[Stored data entries]
▬▬▬

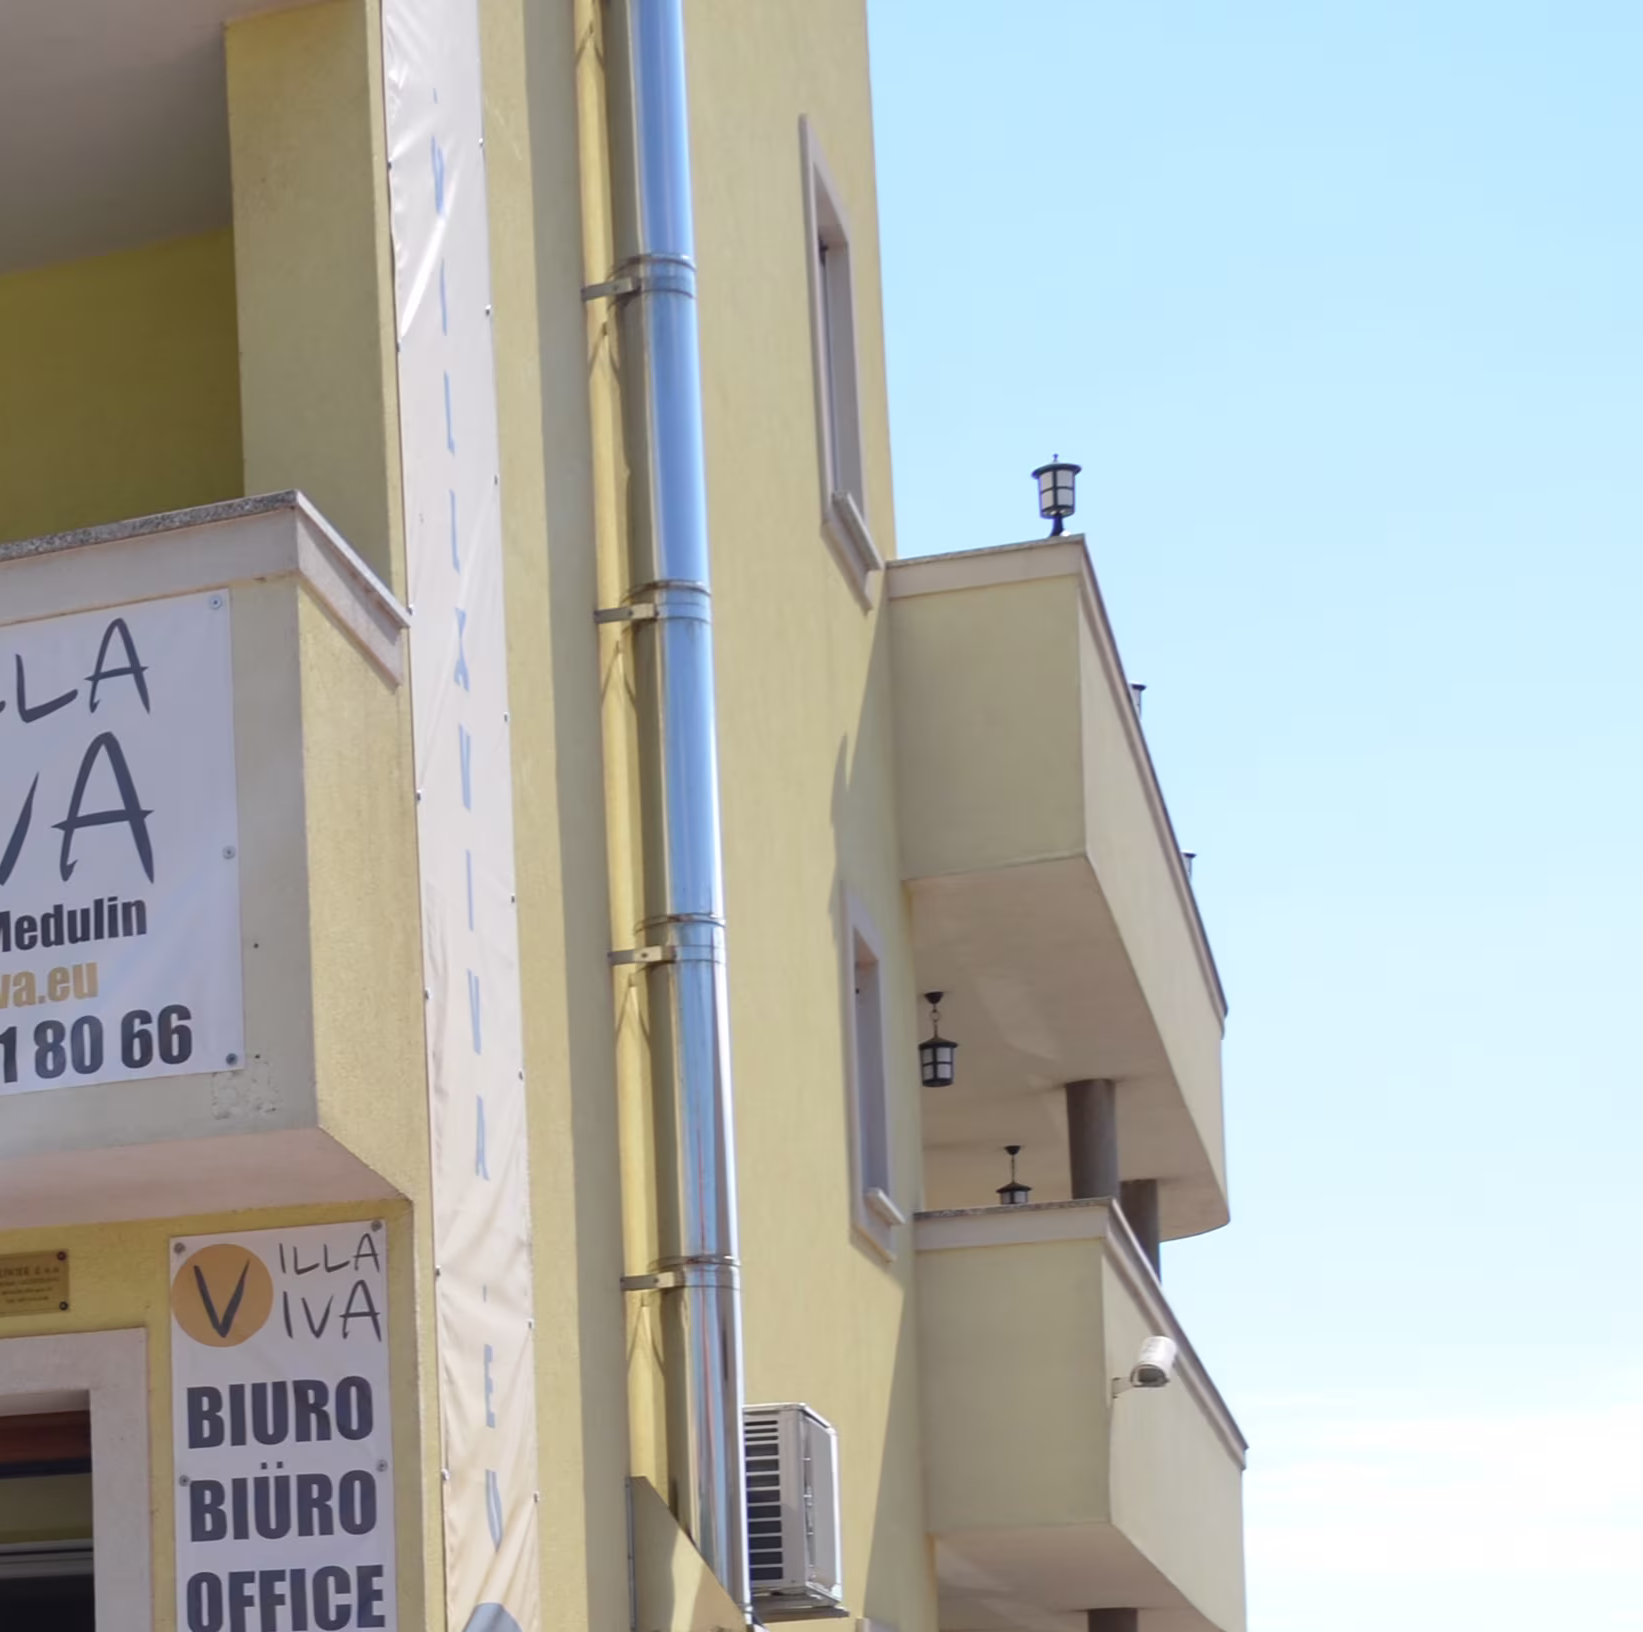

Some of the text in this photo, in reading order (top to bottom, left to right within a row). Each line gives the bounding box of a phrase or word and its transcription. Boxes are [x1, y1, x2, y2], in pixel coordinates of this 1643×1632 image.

[34, 1016, 103, 1079] 80
[121, 1005, 192, 1068] 66
[187, 1376, 373, 1449] BIURO
[190, 1462, 376, 1542] BIÜRO
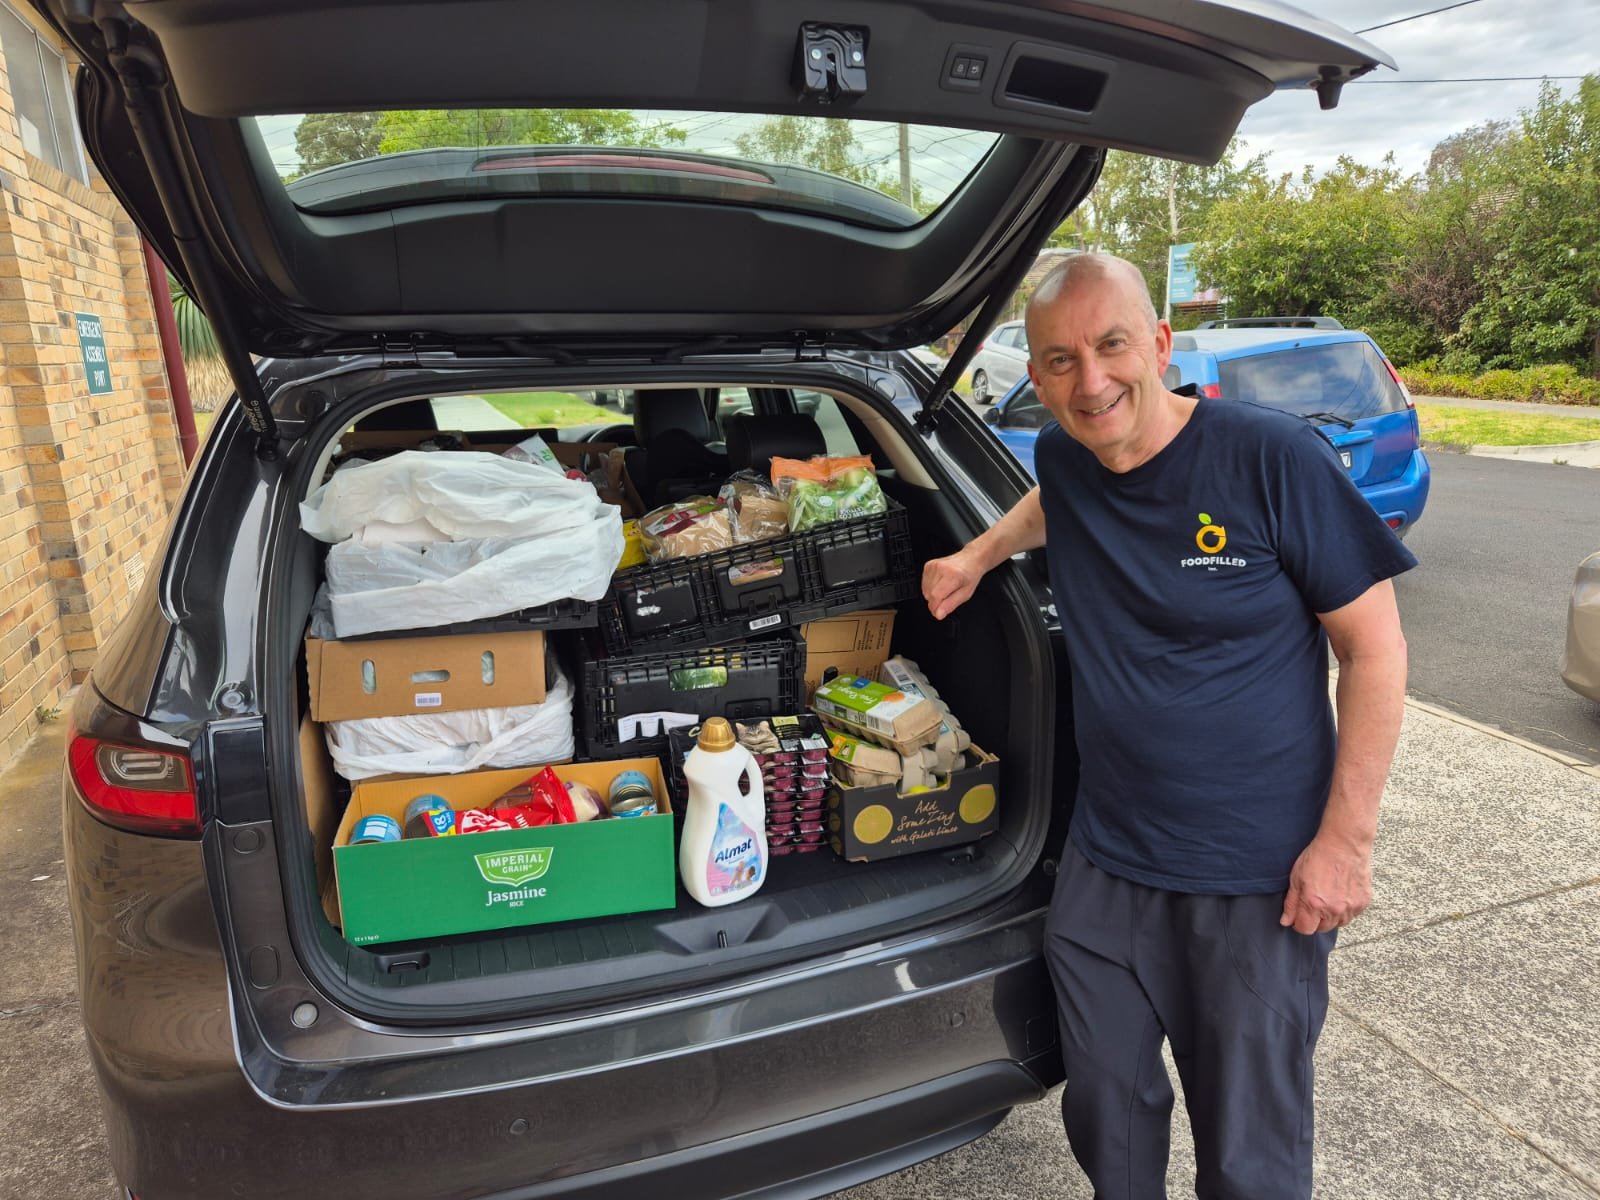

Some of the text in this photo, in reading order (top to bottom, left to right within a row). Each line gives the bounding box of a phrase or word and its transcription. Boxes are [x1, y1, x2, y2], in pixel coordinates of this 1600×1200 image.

[1180, 556, 1247, 568] FOODFILLED
[914, 799, 938, 815] Add
[896, 809, 956, 832] Some Zing
[714, 837, 753, 864] Almat
[485, 853, 545, 869] IMPERIAL
[485, 886, 547, 907] Jasmine
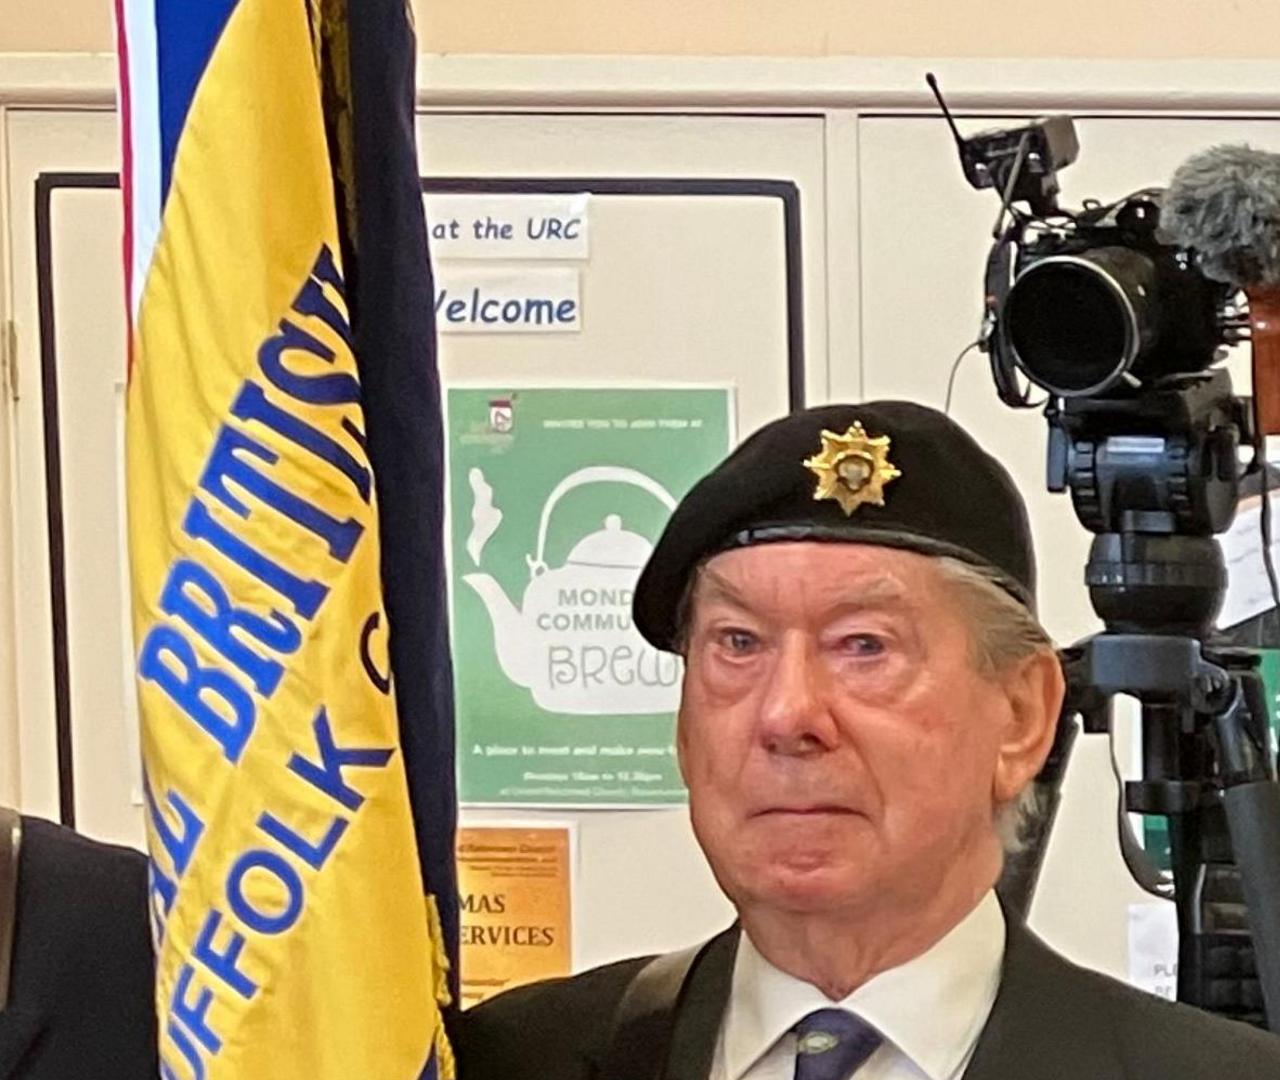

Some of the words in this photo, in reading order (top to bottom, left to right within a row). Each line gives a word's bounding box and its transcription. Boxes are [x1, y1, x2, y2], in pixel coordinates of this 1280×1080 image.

[432, 218, 459, 239] at
[473, 215, 513, 239] the
[527, 217, 581, 240] URC
[558, 588, 633, 606] MOND
[536, 612, 632, 631] COMMU
[459, 894, 506, 914] MAS
[460, 925, 556, 946] ERVICES
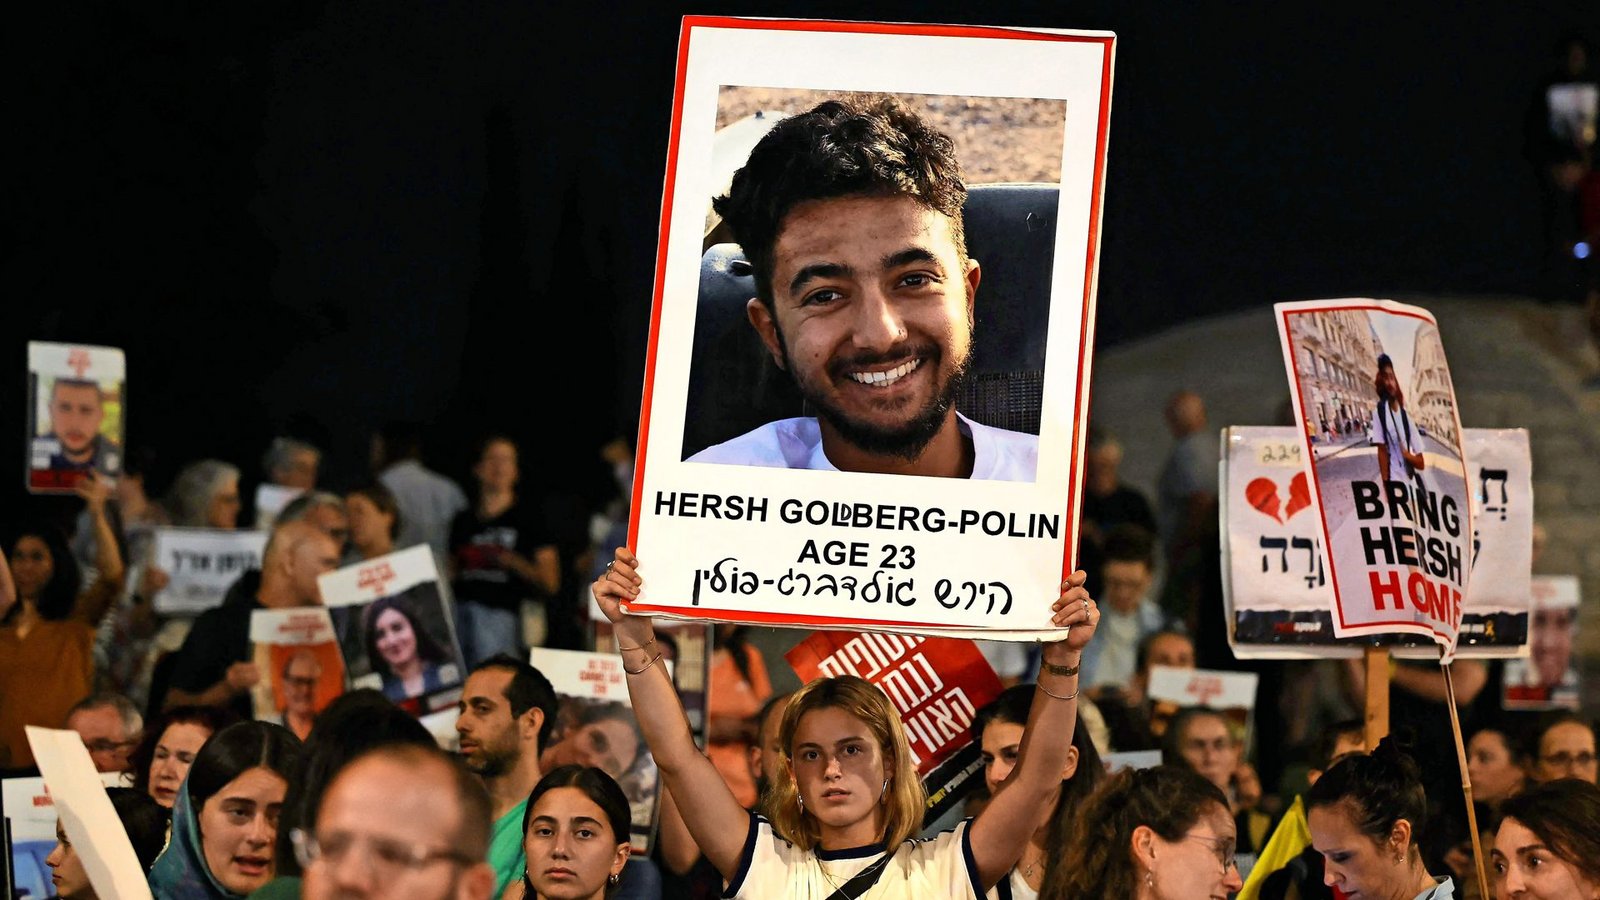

▬▬▬

## Task description
The finished copy should match the data above word for word and contain no pictures.

## Response for this exercise
Some of the text in this photo, in reading order (top to bottom, left to right within a row). Each line gives the bounding box of a phrase or word and its transcription. Boxes are [x1, y1, x2, y2], in pixel coordinates of this 1643×1632 image.

[34, 1016, 103, 1079] 80
[121, 1005, 192, 1068] 66
[187, 1376, 373, 1449] BIURO
[190, 1462, 376, 1542] BIÜRO

Some of the text in this photo, in reading order (top to bottom, left to right within a row). Each line gives the bounding box of a phrase or word and its transcription. Boxes are [x1, y1, x2, y2], in pixel coordinates of this 1600×1200 image.

[1180, 556, 1247, 568] FOODFILLED
[914, 799, 938, 815] Add
[896, 809, 956, 832] Some Zing
[714, 837, 753, 864] Almat
[485, 853, 545, 869] IMPERIAL
[485, 886, 547, 907] Jasmine

Some of the words in this photo, in reading order (top to bottom, left to right within a row). Each line gives a word's bounding box and its transcription. Boxes are [x1, y1, x2, y2], in pixel coordinates of this 1280×1080 image.

[432, 218, 459, 239] at
[473, 215, 513, 239] the
[527, 217, 581, 240] URC
[558, 588, 633, 606] MOND
[536, 612, 632, 631] COMMU
[459, 894, 506, 914] MAS
[460, 925, 556, 946] ERVICES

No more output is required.